Since the Dell XPS 18 Portable is design to be taken around and away from the power supply, it features a battery within the chassis to function without the power cord. Dell rates the internal battery with a 69WHr capacity battery which is a decent size for an ultrabook but this does have to contend with a larger display. In digital video playback testing, this resulted in just over four and a half hours before going into standby mode. Now this is well below what a tablet would achieve and still below a standard ultrabook but it is quite good considering the size of the display. It is certainly much longer than the 27-inch Lenovo such that it can be used for extended media watching.
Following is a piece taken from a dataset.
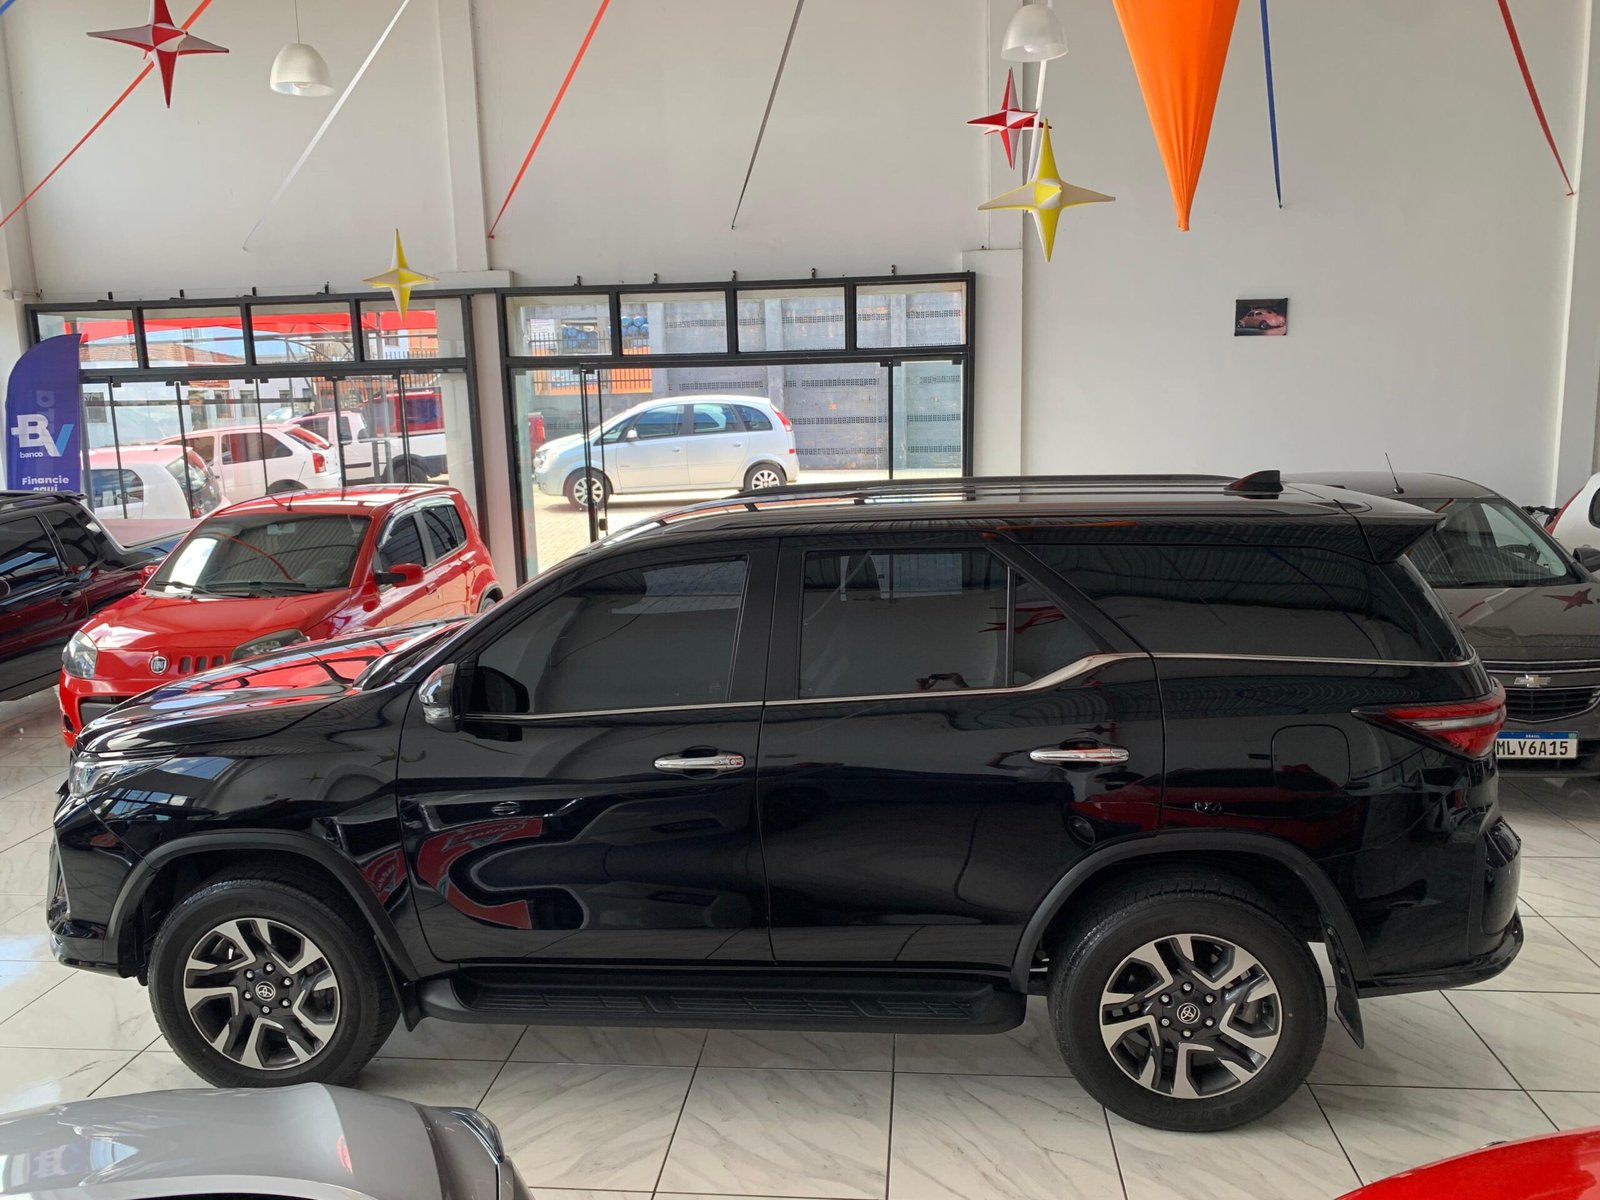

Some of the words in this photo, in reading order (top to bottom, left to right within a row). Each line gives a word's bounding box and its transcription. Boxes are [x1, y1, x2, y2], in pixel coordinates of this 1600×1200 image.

Pricing for the Dell XPS 18 Portable as tested comes in at $1350. This puts it above the Sony VAIO Tap 20 at roughly $1200 and the Lenovo IdeaCentre Horizon at $1600. It is on the high side for an all-in-one system especially given its size where 20-inch touchscreen based all-in-ones typically cost around $1000. The flexibility of being able to move the tablet is key to its price though. Both Sony and Lenovo have a harder time being moved because of their larger size and in particular weight. The primary benefit they offer though is larger overall storage and a bit more flexibility as a desktop system.